In a video promoting Weirdo, you mention that anime saved your life. Can you elaborate on that?

Weirdo is the culmination of a promise I made to myself when I was younger and struggling with my mental health. I had felt disconnected from my community, which is a new framing that I’ve been using to describe how I felt. I think sometimes people say, “My parents didn’t care, and I didn’t have any friends,” and in some cases, that is a lived experience that a lot of people have. But for me, I got so caught up in my negative emotions that darkness shrouded me from the people in my life who would have helped if they knew what was going on. Darkness is very insidious in that way. In the time when I was isolated, anime was the thing that reached out and put a new narrative in front of me and let me know that the obstacles I was dealing with were things that could be overcome.
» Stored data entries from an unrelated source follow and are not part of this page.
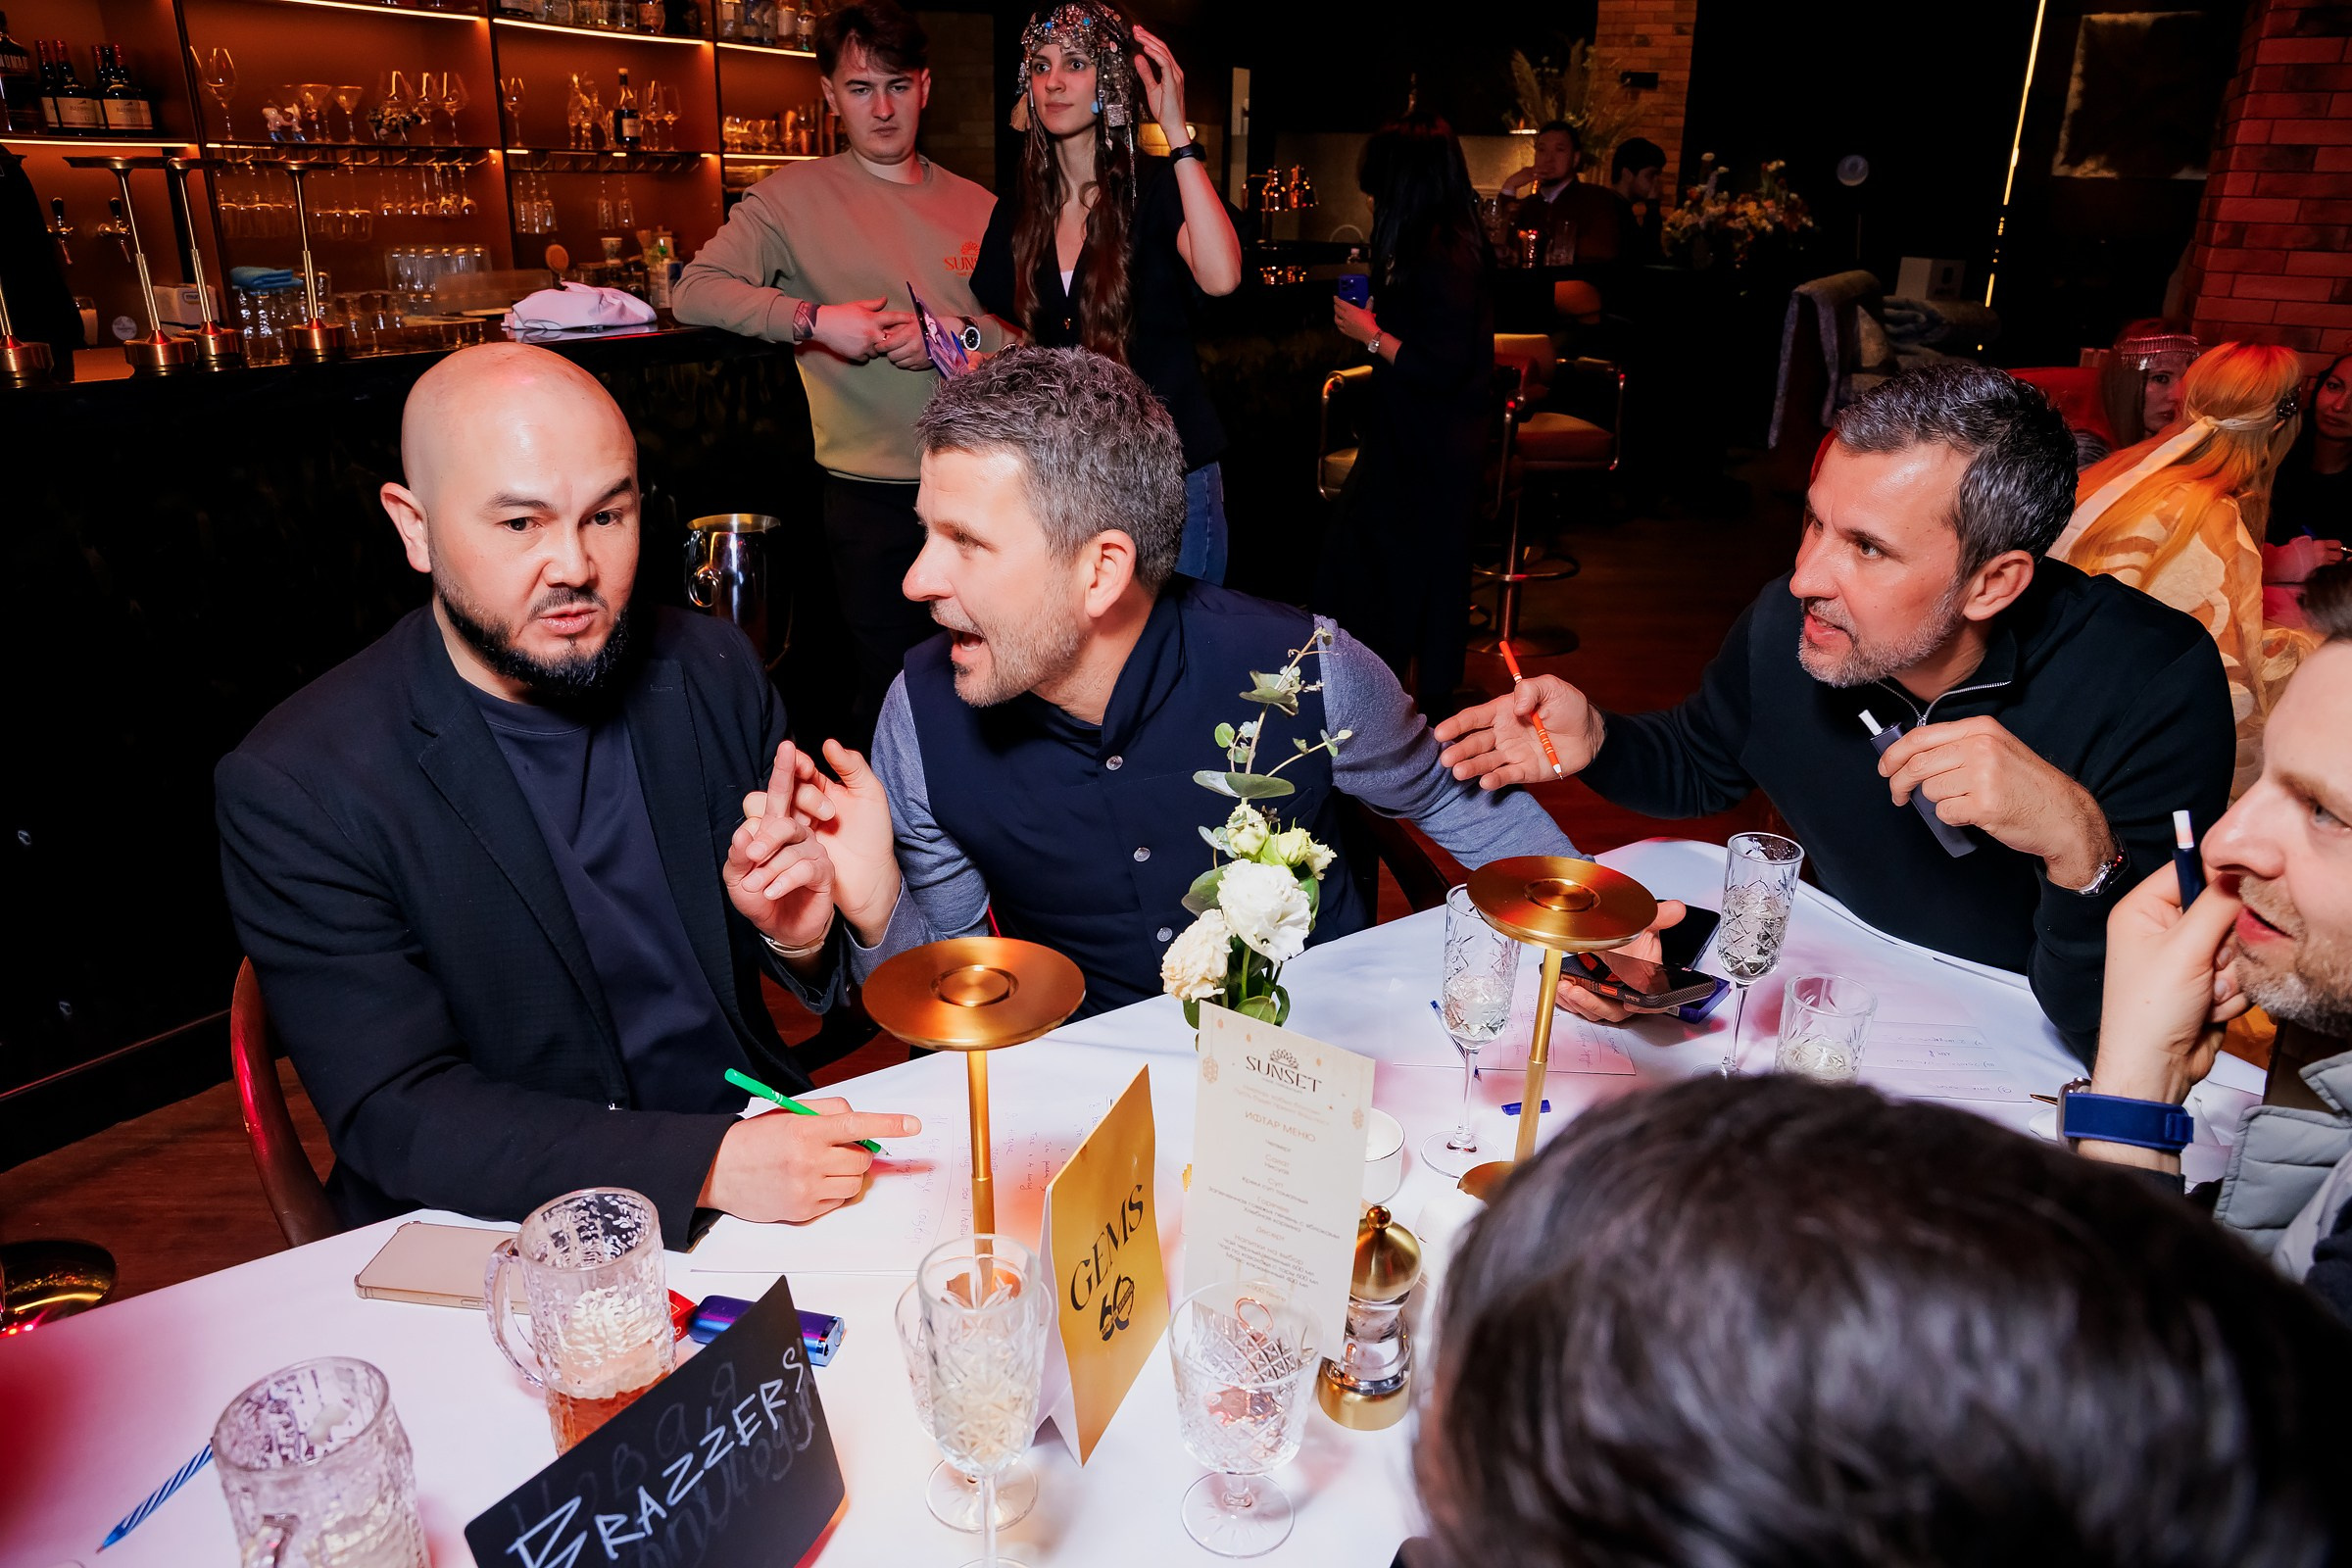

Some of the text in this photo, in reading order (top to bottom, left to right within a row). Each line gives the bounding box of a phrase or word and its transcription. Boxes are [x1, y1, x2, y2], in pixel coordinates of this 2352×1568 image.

[1246, 1055, 1322, 1093] SUNSET
[1245, 1110, 1315, 1143] ИФТАР МЕНЮ
[1262, 1184, 1274, 1193] суп
[1267, 1178, 1284, 1189] Суп
[1256, 1226, 1285, 1241] Десерт
[1070, 1184, 1144, 1311] GEMS
[1226, 1251, 1243, 1263] Морс
[1235, 1234, 1303, 1266] Напитки на выбор
[1309, 1277, 1319, 1286] мл
[506, 1346, 803, 1568] BRAZZERS
I vividly remember meeting Rock Lee in Naruto for the first time and thinking to myself, “I didn’t know it was possible for stories to be like this.” I felt like I brushed against my purpose. I experienced firsthand how a story could get someone while they were in the dark, like a rescue team, and I decided that I wanted to spend my life doing that—I wanted to use stories to save other people as an act of gratefulness.
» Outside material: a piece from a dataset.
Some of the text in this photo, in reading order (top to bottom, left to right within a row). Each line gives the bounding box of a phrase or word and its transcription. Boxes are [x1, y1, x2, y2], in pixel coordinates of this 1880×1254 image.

Black youth are often excluded from fandom spaces by other fans and ostracized by their peers IRL for occupying such spaces, both of which you depict in Weirdo. How did these interactions affect your identity as a Black nerd?

It was difficult for me to find other people who looked like me who liked the kinds of things I liked, so it put me in a scenario where I have people who look like me telling me, “Black people don’t like that stuff. You’re not Black enough. Tony doesn’t want to be Black.” But on the flip side, I was too Black to exist in those other spaces. I think that what a lot of people end up doing is they start to embody some of the hate they receive. If somebody gets told they’re not Black enough, they go, “I don’t want to be Black anyway.” And then you get this vocal group of Black nerds who characterize themselves by the fact that they don’t like or fit in with other Black people. It forms its own self-hate. But Blackness is capable of encompassing all things. There’s no such thing as not Black enough. To be Black is to be free. We can be literally anything.

There was certainly temptation for me to go down that path, but I was fortunate enough to find community. Isolation begets more isolation, but community is where we find the answer. As an author, I try to create community with my stories, but there is a part of me that grapples with the question of, “What if the story’s not enough? What if your characters can’t open that door to people’s hearts? What if they still actively make the decision not to relate?” I don’t have an answer to that question, but it won’t stop me from trying.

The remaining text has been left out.